→ Try it: Your copy of the data below must be exact and must leave out all pictures.

→ Data under study:
━━━━━━━━━━━━━━━━

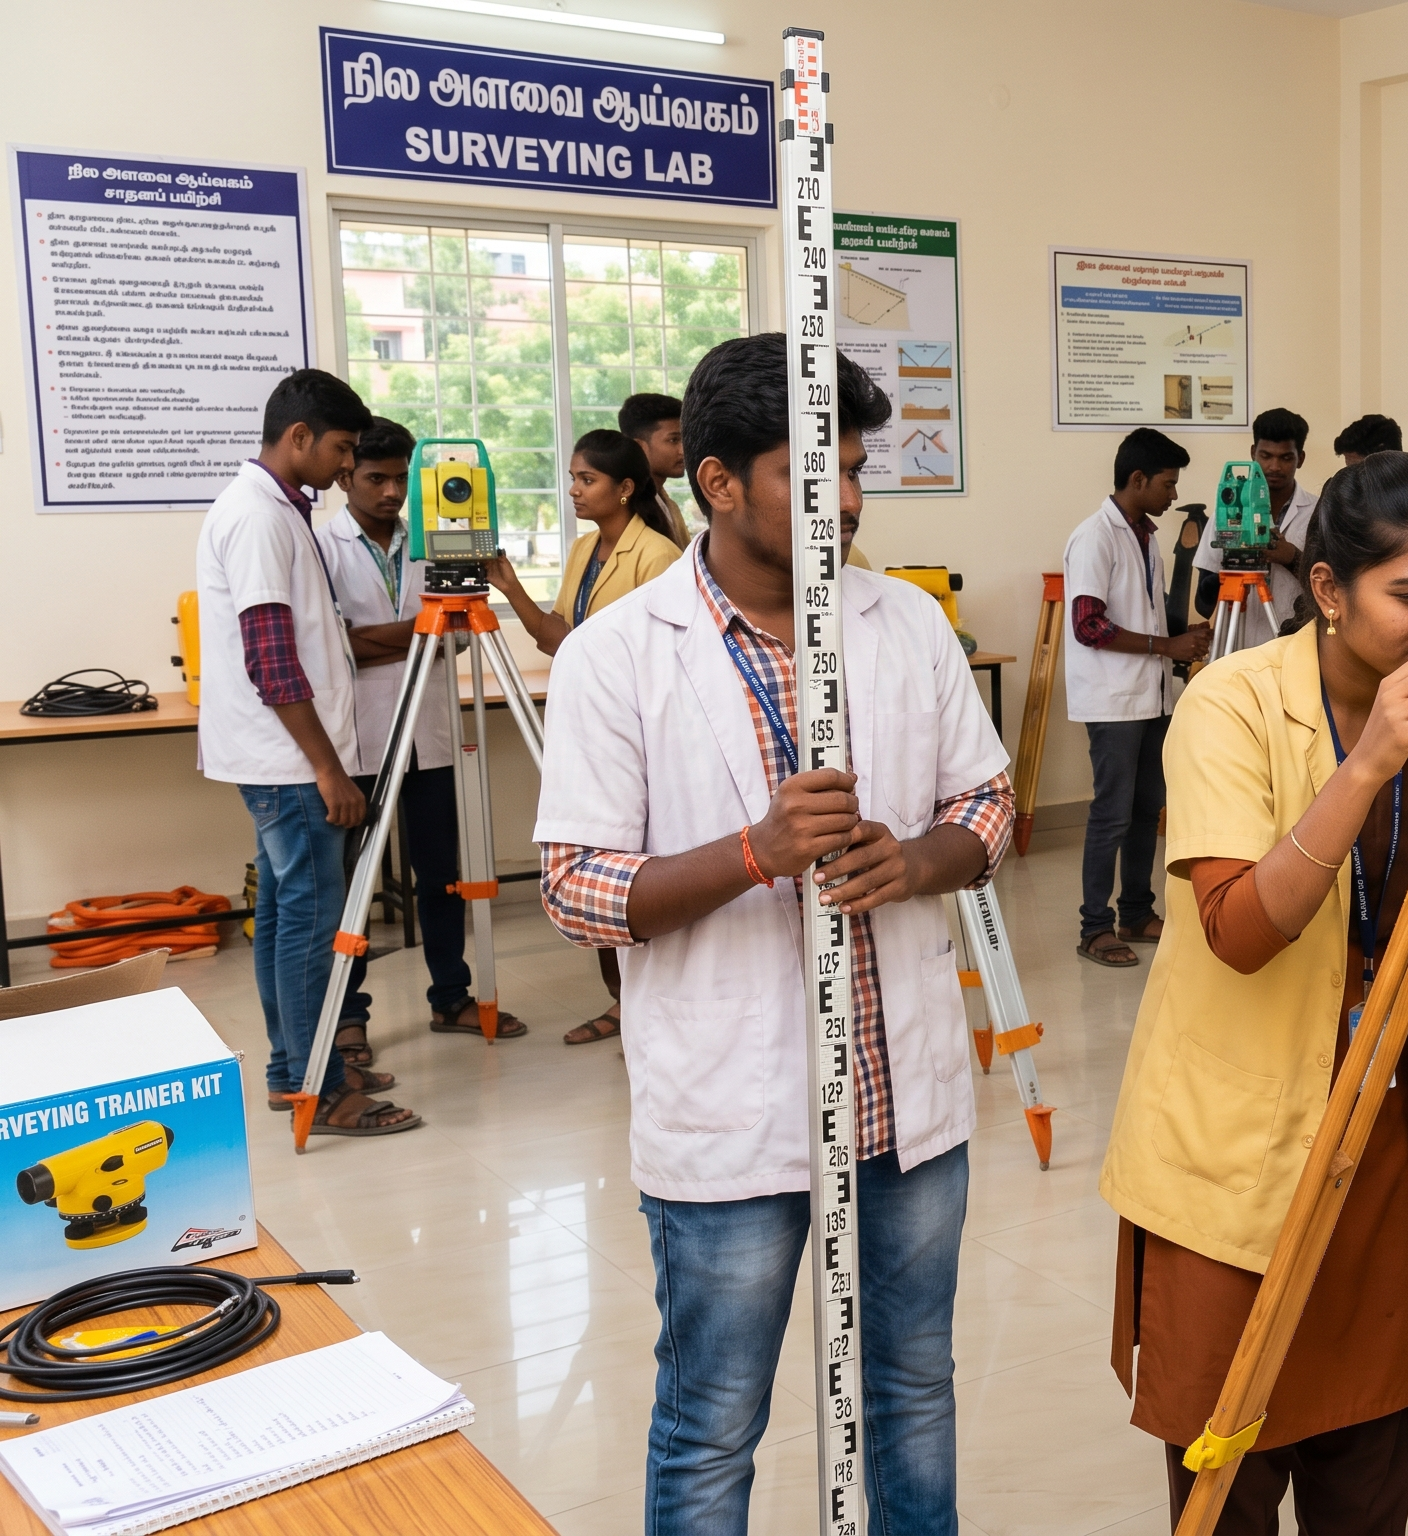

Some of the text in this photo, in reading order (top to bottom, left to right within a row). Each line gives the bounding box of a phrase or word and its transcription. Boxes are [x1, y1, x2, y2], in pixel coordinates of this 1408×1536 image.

[342, 52, 420, 111] நில
[429, 68, 584, 119] அளவை
[592, 83, 759, 136] ஆய்வகம்
[405, 126, 714, 186] SURVEYING LAB
[803, 246, 827, 270] 240
[808, 384, 831, 406] 220
[806, 585, 829, 607] 462
[812, 652, 837, 675] 250
[95, 1081, 186, 1119] TRAINER
[192, 1072, 223, 1099] KIT
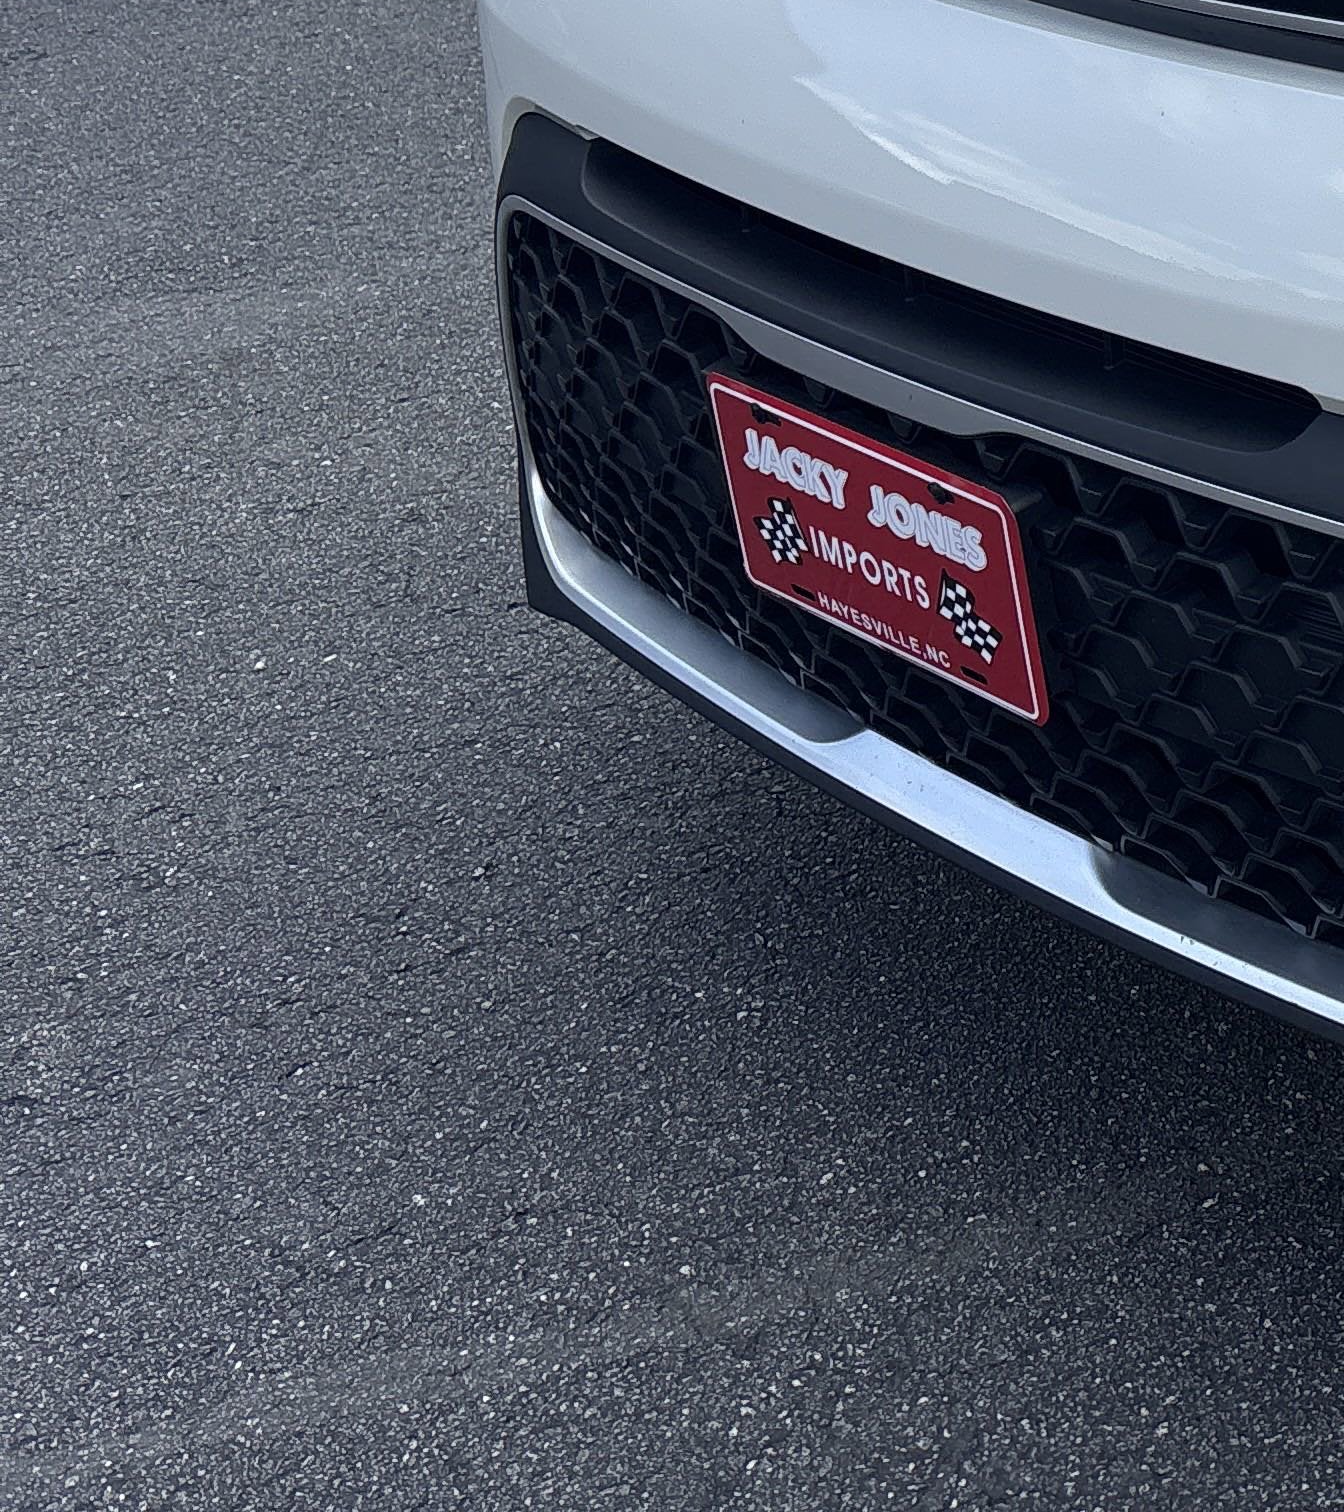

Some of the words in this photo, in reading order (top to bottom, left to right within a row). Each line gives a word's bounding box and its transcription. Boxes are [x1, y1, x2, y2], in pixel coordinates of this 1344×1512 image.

[743, 428, 849, 510] JACKY
[866, 484, 988, 572] JONES
[808, 526, 931, 609] IMPORTS
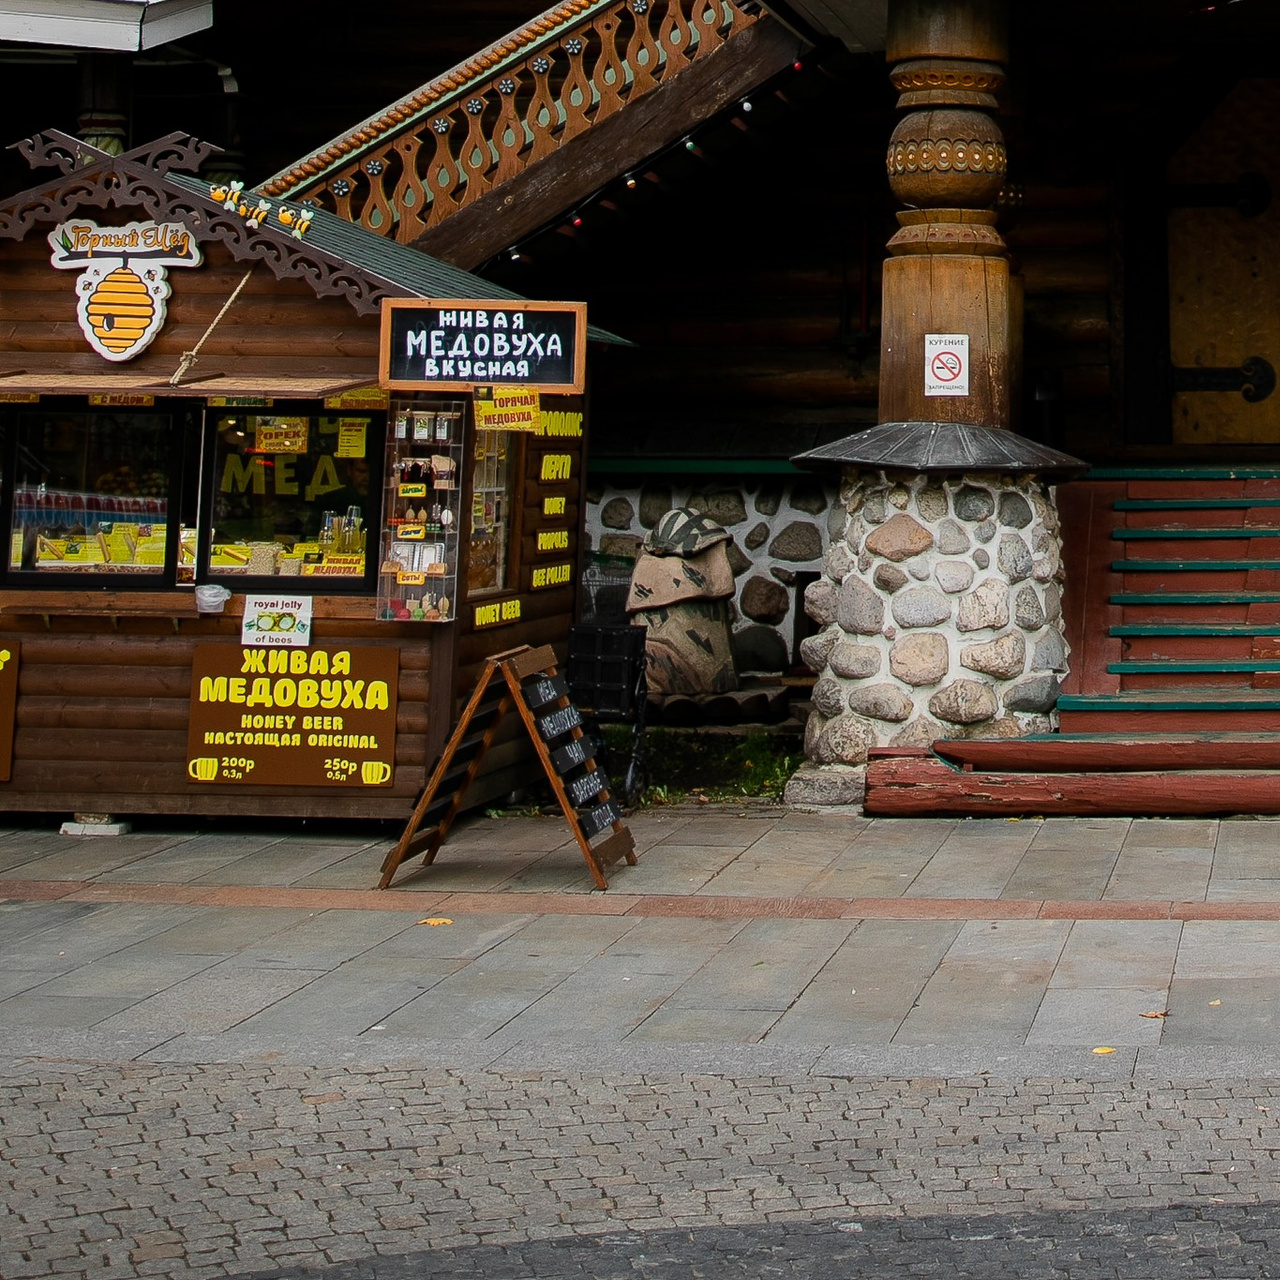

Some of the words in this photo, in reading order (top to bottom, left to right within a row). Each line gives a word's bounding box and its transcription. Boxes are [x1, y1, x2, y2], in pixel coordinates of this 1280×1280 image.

━━━━━━━━━━━━━━━━

→ Written solution:
Some of the text in this photo, in reading order (top to bottom, left to right within a row). Each line gives the bounding box of a phrase or word and its transcription. Boxes are [x1, y1, x2, y2], in pixel coordinates of this 1408×1536 image.

[342, 52, 420, 111] நில
[429, 68, 584, 119] அளவை
[592, 83, 759, 136] ஆய்வகம்
[405, 126, 714, 186] SURVEYING LAB
[803, 246, 827, 270] 240
[808, 384, 831, 406] 220
[806, 585, 829, 607] 462
[812, 652, 837, 675] 250
[95, 1081, 186, 1119] TRAINER
[192, 1072, 223, 1099] KIT

Some of the words in this photo, in reading order (top to bottom, left to right within a row). Each line gives a word's bounding box and its transcription. Boxes are [x1, y1, x2, y2], in pixel coordinates of this 1344×1512 image.

[743, 428, 849, 510] JACKY
[866, 484, 988, 572] JONES
[808, 526, 931, 609] IMPORTS

Some of the words in this photo, in reading order (top to bottom, left to right within a row). Each line gives a word's bounding box and its transcription. Boxes are [x1, y1, x2, y2], in pixel coordinates of this 1280×1280 image.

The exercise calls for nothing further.